Who Cares About the iPod, Where is the Apple Glucose Meter?

A few months ago I was looking at blood sugar meters and cholesterol testers for family members.  I have had my blood tested for various things throughout my life and I've seen the standard drugstore-issue glucose monitors in action, so I had a very basic idea of what I was looking for.  But I wasn't exactly an expert, so I went online. Now one of the benefits of living in the Internet age is that if you need to learn about any technological device, from MP3 players to video cards to application servers, you can quickly and easily find out all about it online.  Making a major purchase?  Some skillful Googling will lead you to novice-level tutorials, product comparisons, recommendations from normal users, and jargon-laden details from experts. Unless you want to buy a glucose meter.  I found virtually nothing except for short blurbs on retailers' sites.  I even had a hard time finding product info from manufacturers! The worst thing is, I was wasting my time.  Even if there had been a ton of info out there, comparisons, anecdotes, reviews, etc., it would have been no use.  Because as far as I can tell, all blood glucose monitors are complicated, confusing devices that are difficult to use.  Diabetics are supposed to test their blood every day, but the testers are temperamental, require expensive consumables, and can fail without always alerting you to the error. You have to line up drops of liquid on a tiny little target.  Make sure you cover the whole target, or the results will be off.  Make sure you don't go outside the target, or you'll screw up everything.  Oh, maybe you need to recalibrate.  Did you check how old the strips are? I was really, really surprised about this.  Actually, it was a mix of surprise and anger - why should anyone have to put up with such frustration for something that is so important? Why would a confusing interface make me so angry?  I couldn't really put my finger on it (bad pun) until now.  I just read an article at Techcrunch, "Apple iPod vs. the Insulin Pump."  Apparently a blog that covers Diabetes that has posted an open letter to Steve Jobs of Apple:

We are, of course, deeply grateful to the medical device industry for keeping us alive.  Where would we be without them?  But while they’re still struggling with shrinking complex technologies down to a scale where we can attach them, hard-wired, to our bodies, design kinda becomes an afterthought.

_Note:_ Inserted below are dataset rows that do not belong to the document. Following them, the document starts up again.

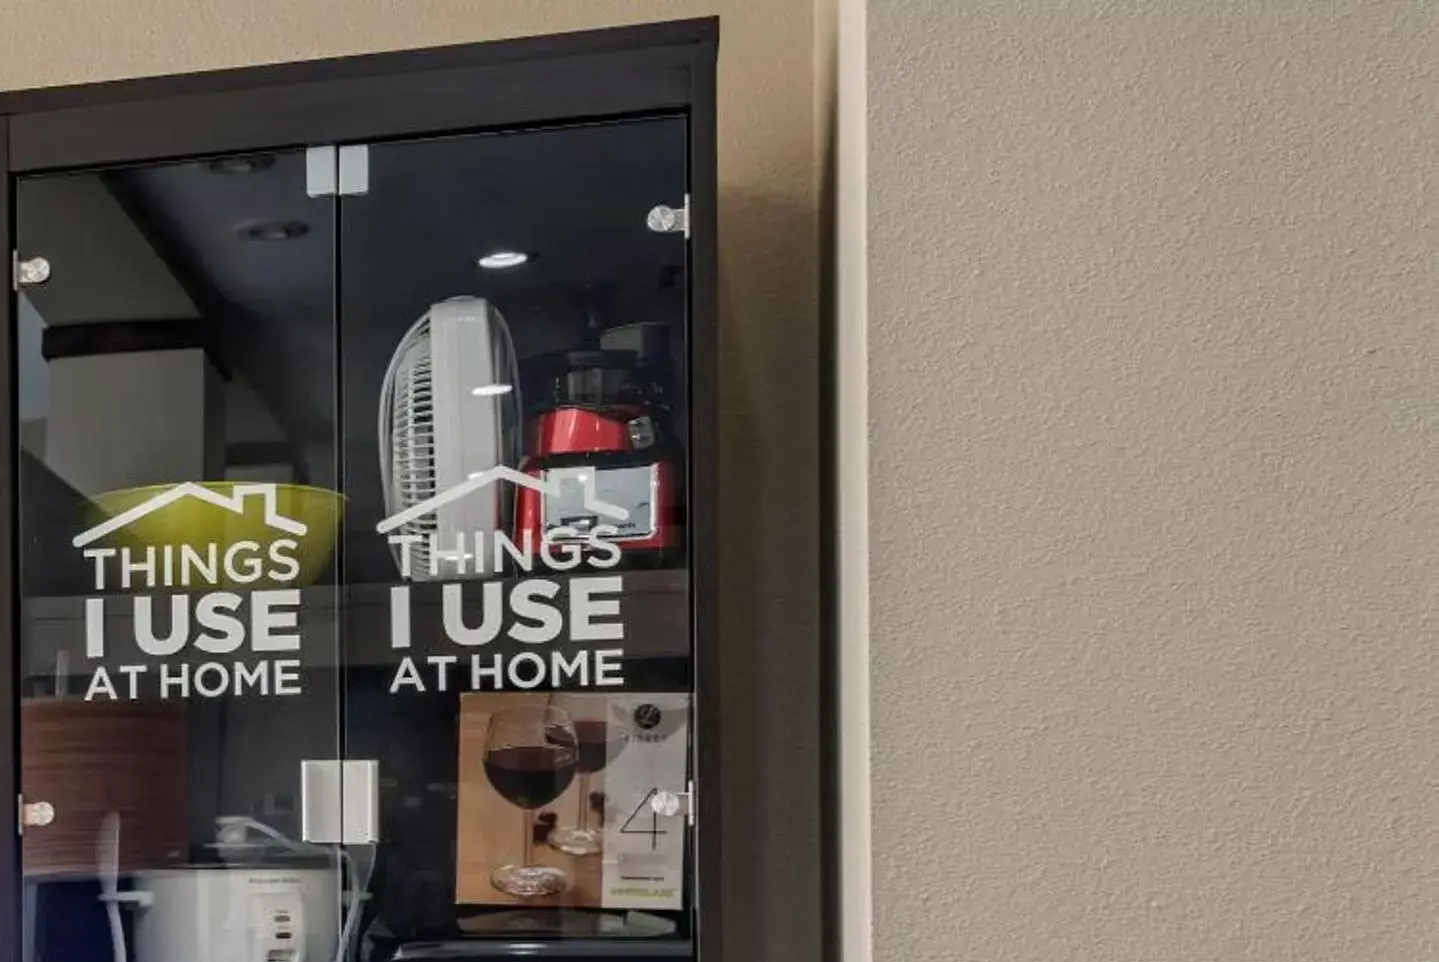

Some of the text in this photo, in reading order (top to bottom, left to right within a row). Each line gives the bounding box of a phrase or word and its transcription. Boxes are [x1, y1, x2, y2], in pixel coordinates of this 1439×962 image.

[83, 538, 301, 591] THINGS
[387, 524, 623, 578] THINGS
[85, 588, 302, 659] I USE
[390, 575, 625, 650] I USE
[84, 658, 302, 702] AT HOME
[389, 648, 625, 694] AT HOME
[619, 786, 668, 851] 4
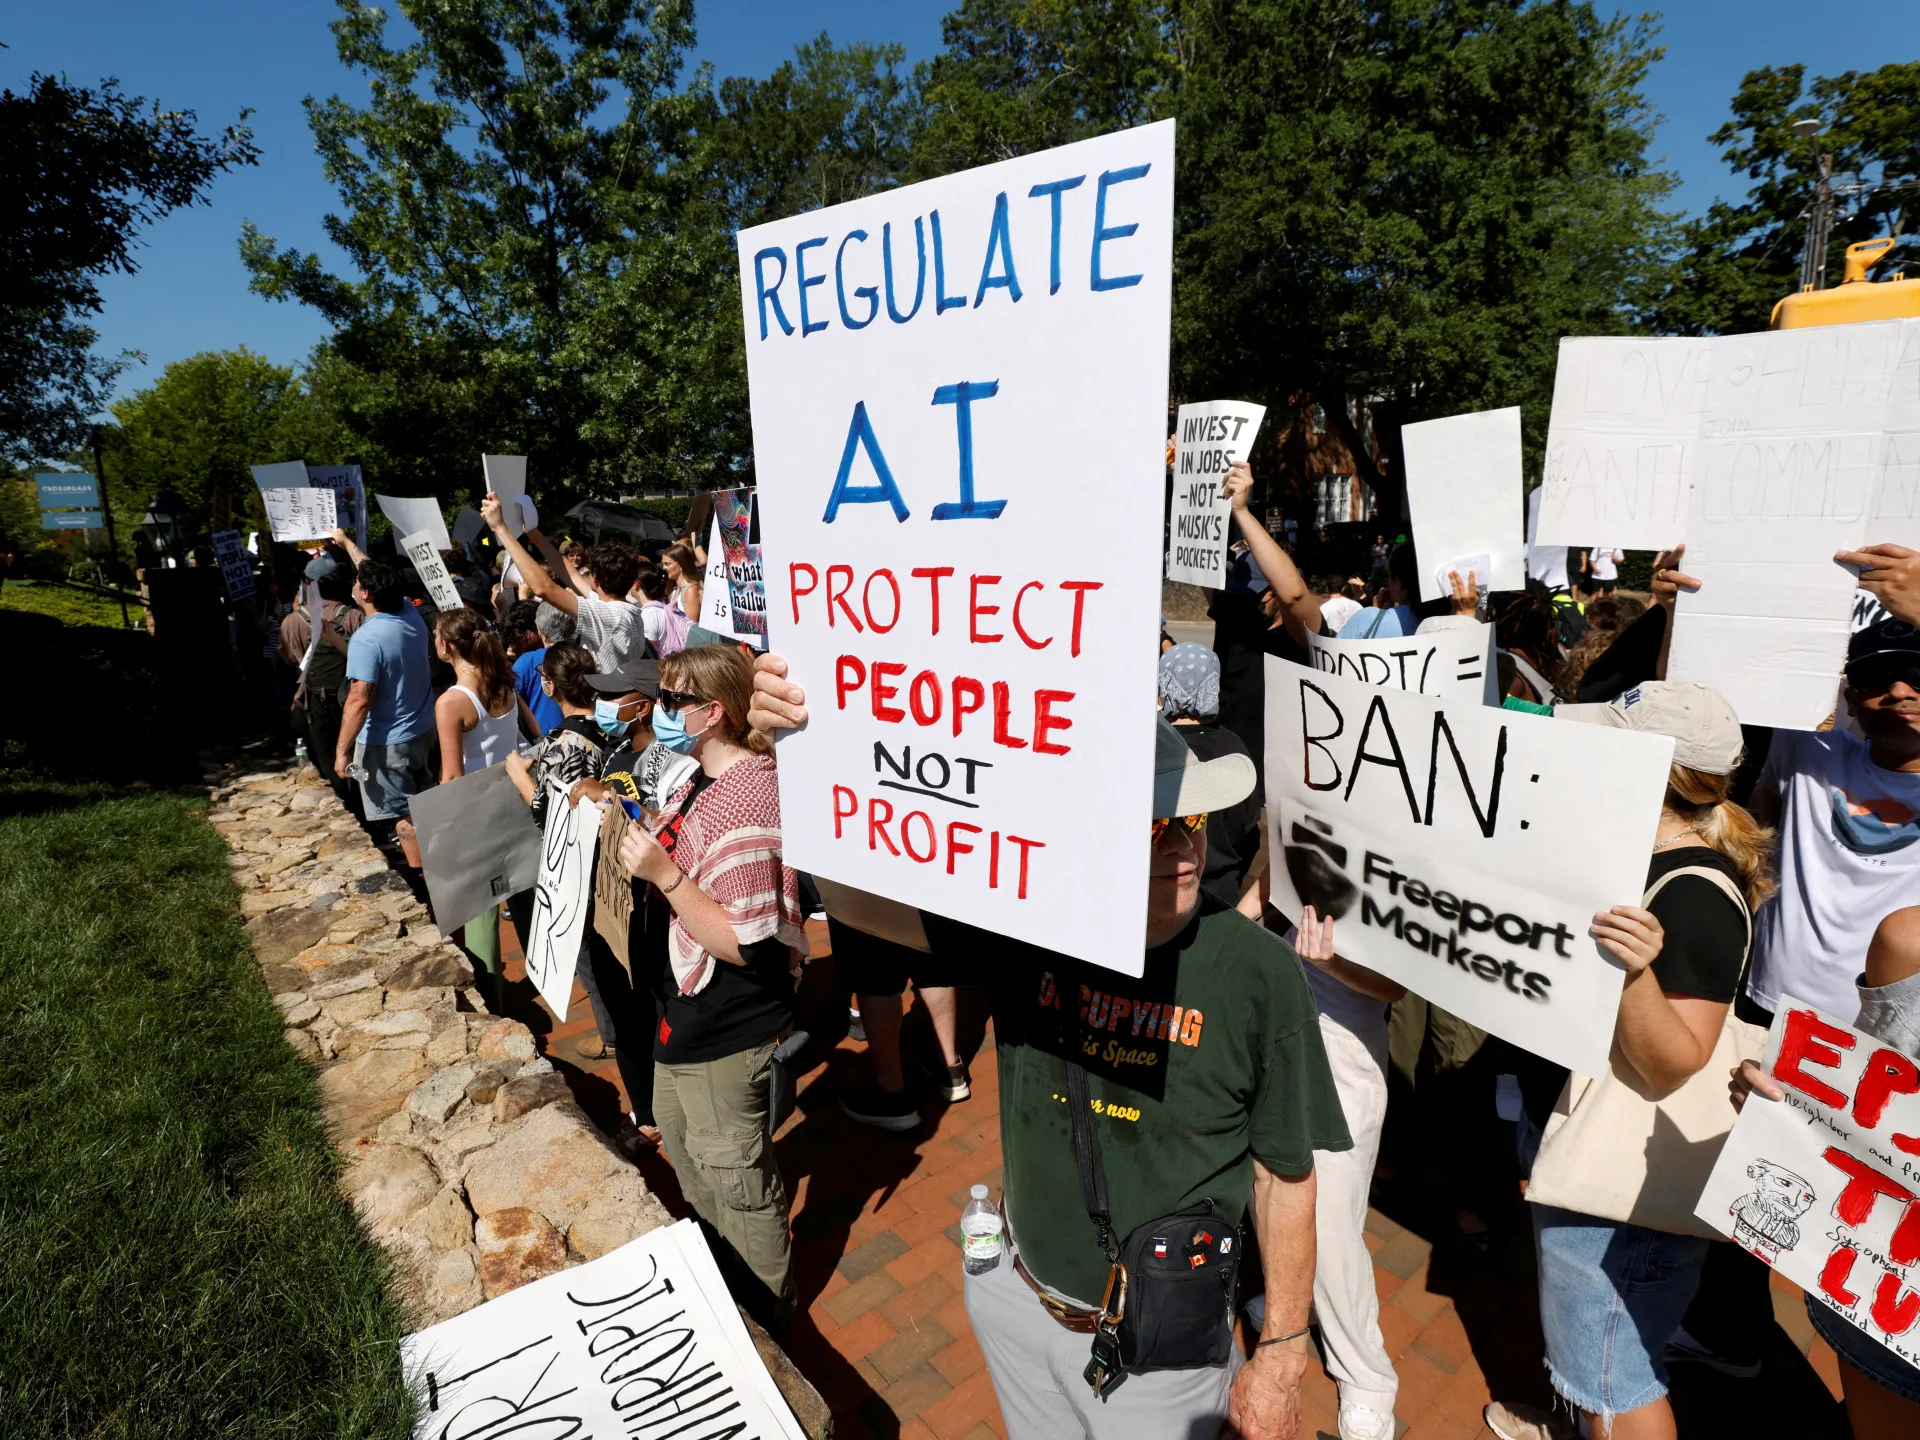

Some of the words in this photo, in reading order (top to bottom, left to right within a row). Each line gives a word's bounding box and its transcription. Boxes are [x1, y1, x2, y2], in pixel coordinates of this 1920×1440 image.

This is where the world needs your help, Steve.
This is precisely what is needed.  Now, it doesn't have to be Steve Jobs or even Jonathan Ive, the guys who designed the iPod.  Any designer with some insight and a proven track record of making usable devices could probably improve these medical devices immeasurably.  Millions of people's lives could be made easier if someone married modern medical technology with user-centered design. So add me to the list of people asking the questions in this letter, Steve (few people realize that Steve Jobs reads Unsought Input daily and hangs on our every word).

  1. What kind of information were you looking for? I did a google search for blood glucose meter and came back with several relevant results on the first page. And really, using the meters isn’t as challenging in my opinion as you’ve made it out to be in this post.

    Also, a lot of meters are very small nowadays and much better than they were 10 years ago. Technology is improving even in blood glucose meters. see this site here: http://www.diabetesnet.com/diabetes_technology/blood_glucose_meters.php
    it has a whole list of different types…there has to one as small as your iPod nano…

    Brad
    April 24th, 2007 at 3:50 pm
  2. Brad, you can definitely find a list of products with a Google search, but try answering these questions: which is the easiest to use? Which one has the lowest false reading rate (real world, with home users)? Which one has the smallest target on the test strip? Is the target so small that it’s too easy to get blood outside of it, causing an error?

    I’m afraid I haven’t made my point, if you think I was just looking for a meter the size of an iPod Nano. I was looking for one as easy to use as an iPod Nano. I’m a big nerd who loves gadgets and I found the instructions for several of the meters to be long, complex, and confusing – imagine all the technophobes out there trying to deal with it.